Iranian conspiracy theorist

Hassan Abbasi (حسن عباسی) is an Iranian theorist and an Islamic Revolutionary Guard Corps officer who heads its think-tank 'Center for Borderless Security Doctrinal Analysis'. Abbasi is primarily known for his theories, and for delivering controversial speeches on issues including economics, history, politics and cinema.

He was a jury member in 2011 edition of Fajr International Film Festival and a lecturer in the 2013 International Conference on Hollywoodism.

== Views and alleged works ==
U.S. Army Colonel Sean J. Corrigan, in a 2011 research project entitled "Exploitable Vulnerabilities of Iran's Islamic Revolutionary Guard Corps", names Abbasi as one of the two "key architects of Iran's doctrine of asymmetric warfare" and mosaic defence strategy, along with Major General Mohammad Ali Jafari. Jahangir Arasli, an Azerbaijani intelligence analyst, wrote in 2007 that Abbasi was among those in charge of devising the concept of asymmetric response at Imam Hussein University.
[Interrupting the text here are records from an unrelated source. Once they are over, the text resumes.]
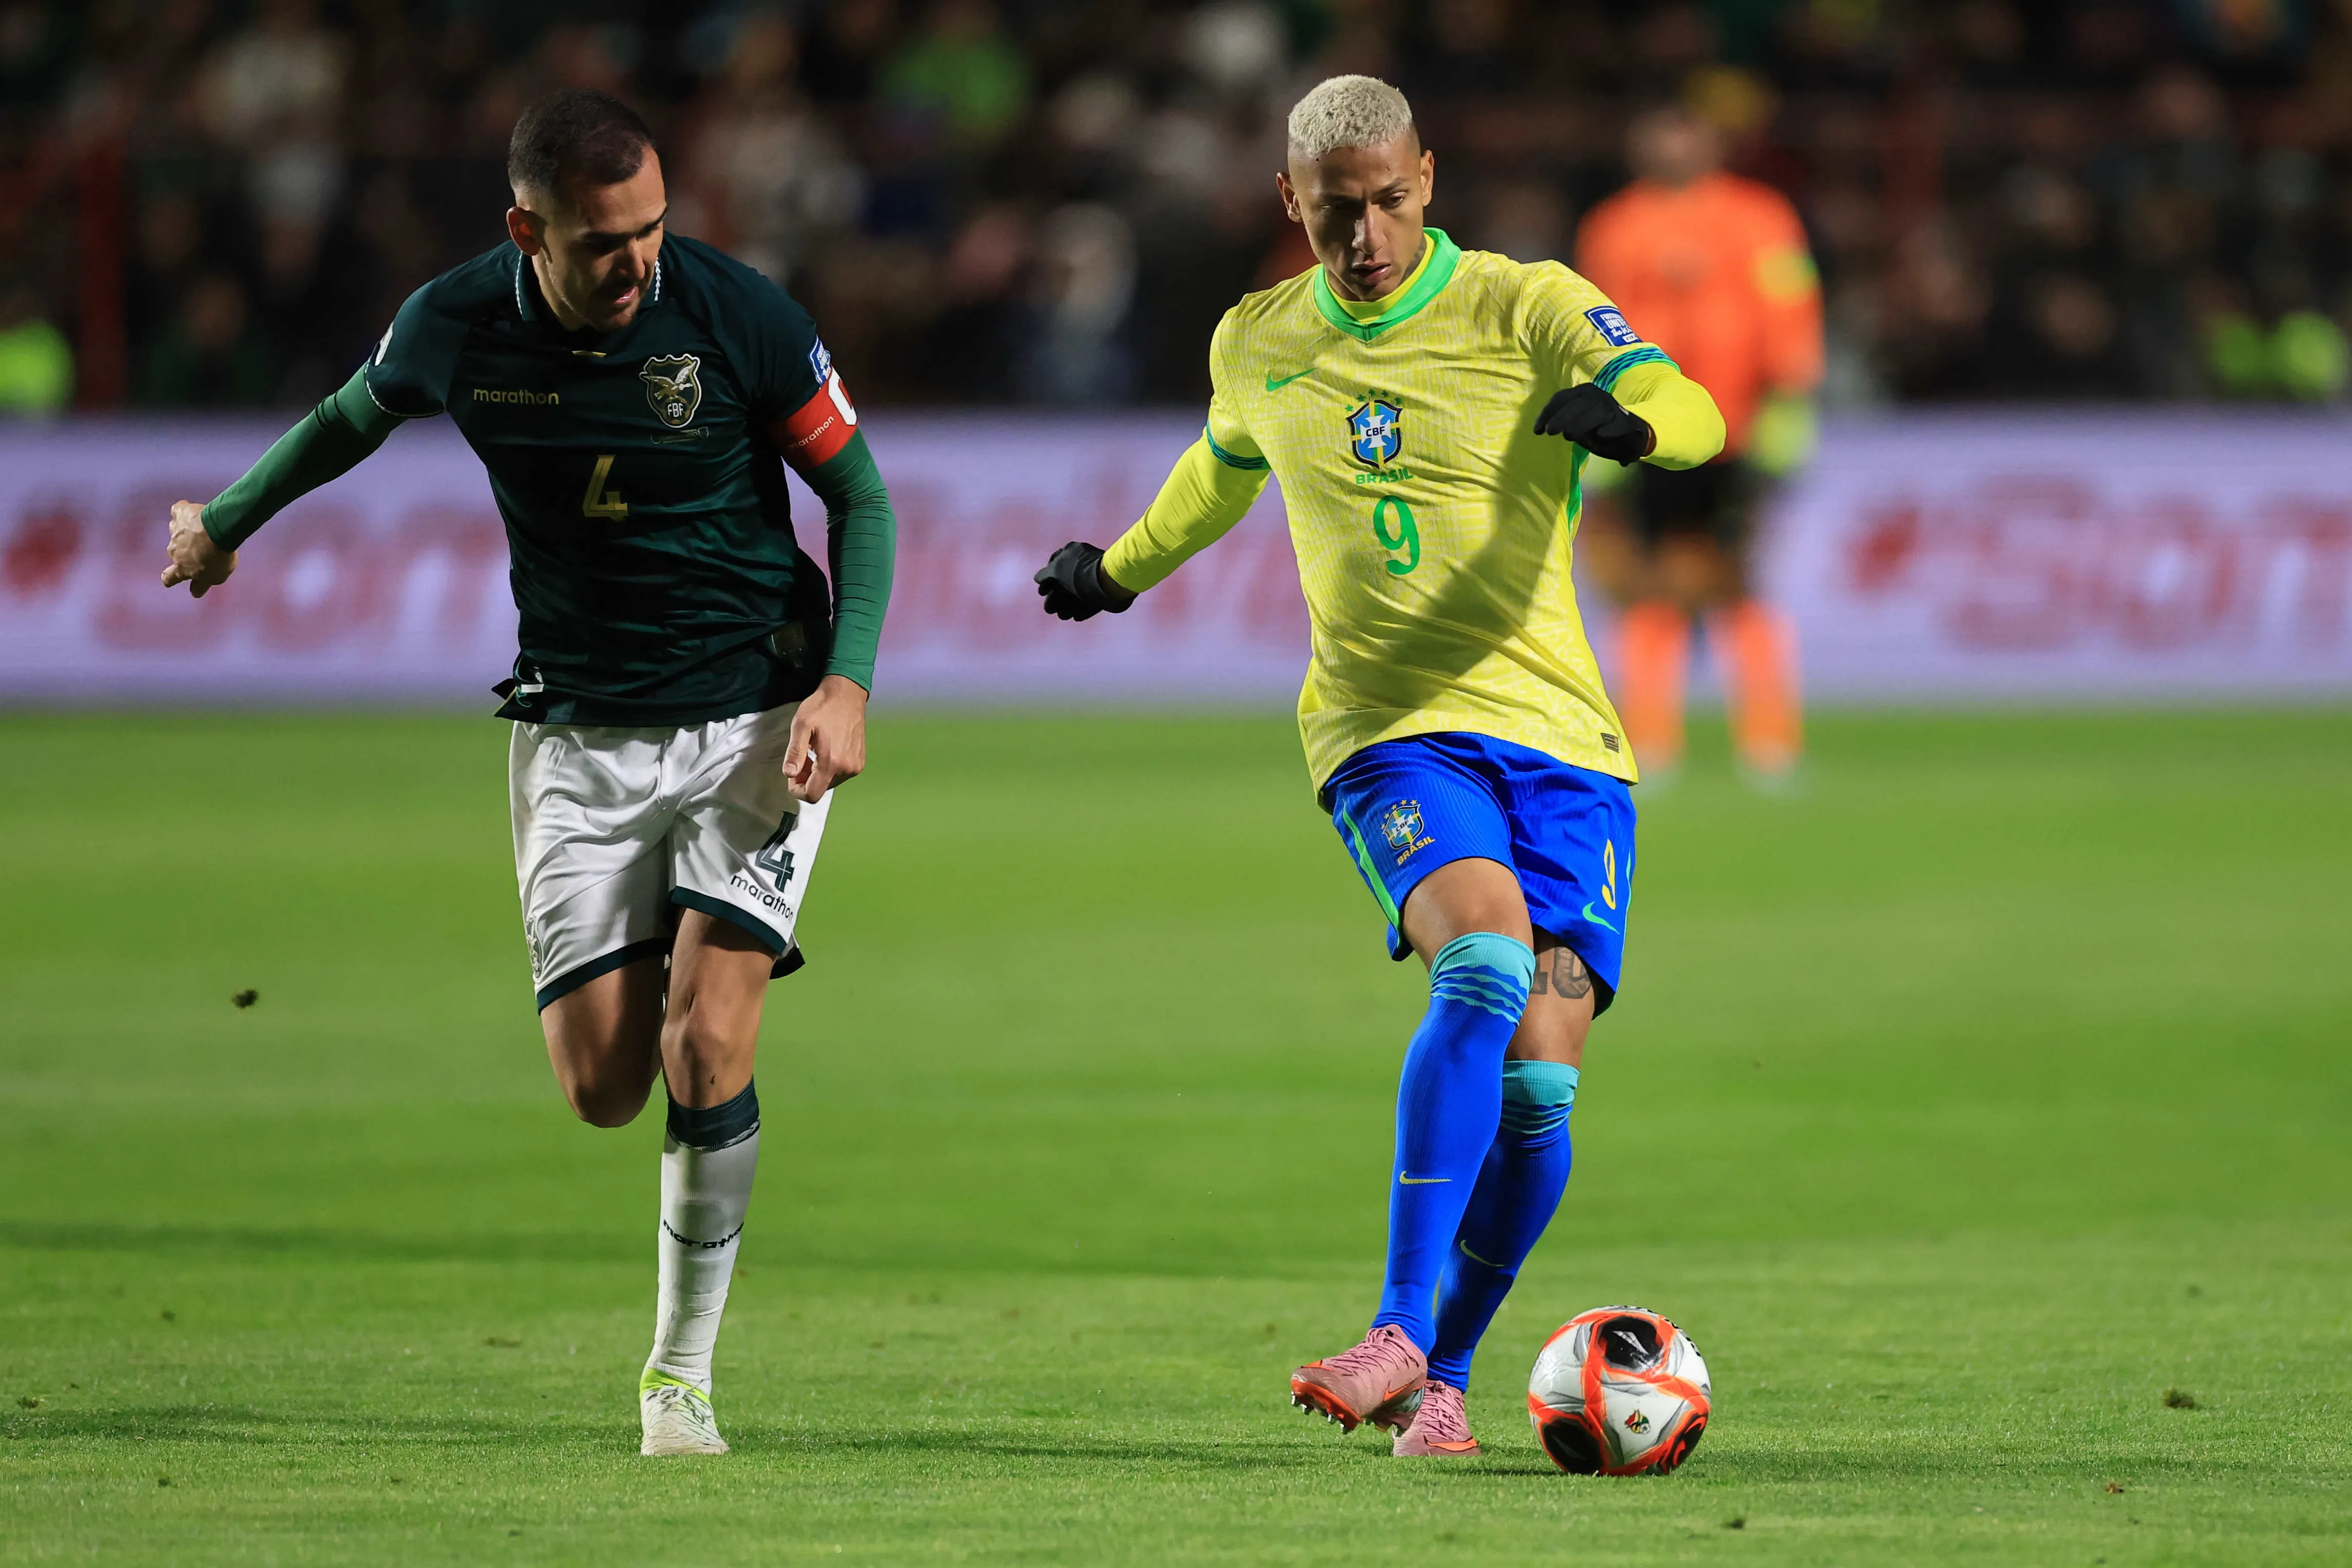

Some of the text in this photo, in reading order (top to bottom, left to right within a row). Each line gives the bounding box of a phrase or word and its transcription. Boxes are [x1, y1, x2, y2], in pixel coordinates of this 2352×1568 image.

[474, 388, 559, 405] marathon
[668, 403, 684, 417] FBF
[1366, 426, 1385, 437] CBF
[582, 454, 628, 521] 4
[1356, 467, 1413, 485] BRASIL
[1373, 495, 1420, 575] 9
[1396, 820, 1409, 832] CBF
[754, 811, 797, 893] 4
[1397, 836, 1435, 865] BRASIL
[1601, 839, 1616, 910] 9
[730, 875, 793, 924] marathon
Abbasi has distorted the biblical story of Esther to claim that Jews had massacred over 70,000 Persians, an event he labeled the "Iranian Holocaust". Historian Meir Litvak states that Abbasi holds anachronistic views and is among contemporary proponents of antisemitic conspiracy theories in Iran.

After Clifford May, Amir Taheri has dubbed him "the Kissinger of Islam" in a The Telegraph article, and also quoted an anonymous European diplomat in Tehran saying "to Iran's new ruling elite, Abbasi is the big strategic brain". In 2004, Michael Ledeen claimed that he serves as "theoretician" in the office of Supreme Leader of Iran with a special responsibility for North American affairs. In a paper presented by Shmuel Bar, Rachel Machtiger and Shmuel Bachar at the Herzliya Conference in 2008, Abbasi is deemed as one of the IRGC prominent figures who "is said to be affiliated with Mesbah Yazdi... a supporter of the Hojjatiyeh and of Ahmadinejad... one of the main contributors to Ahmadinejad's strategic thought".

Raz Zimmt classifies him among the prominent figures of the radical right wing of Iranian politics, along with Mehdi Ta'eb, Alireza Panahian, Said Qasemi and Qasem Ravanbakhsh who all serve in the central committee of 'Ammar Headquarters', an IRGC-affiliated institution established in 2011. According to a 2012 report edited by Raz Zimmt, Abbasi is "one of the major theoreticians of the radical wing in the conservative camp and the Revolutionary Guards". In 2014, a security research of Hewlett-Packard claimed that the «Basij Cyber Council» operates under the direction of Abbasi. In February 2019, he gave a speech condemning President Hassan Rouhani, Speaker Ali Larijani, and Foreign Minister Mohammad Javad Zarif for having supported the Joint Comprehensive Plan of Action telling them to "go to hell" and that the Iranian people would "spit" on them, seen as expressing the IRGC's growing resentment over the nuclear deal and its fallout. Shortly thereafter, Javad Zarif tendered his resignation, although Rouhani did not accept it.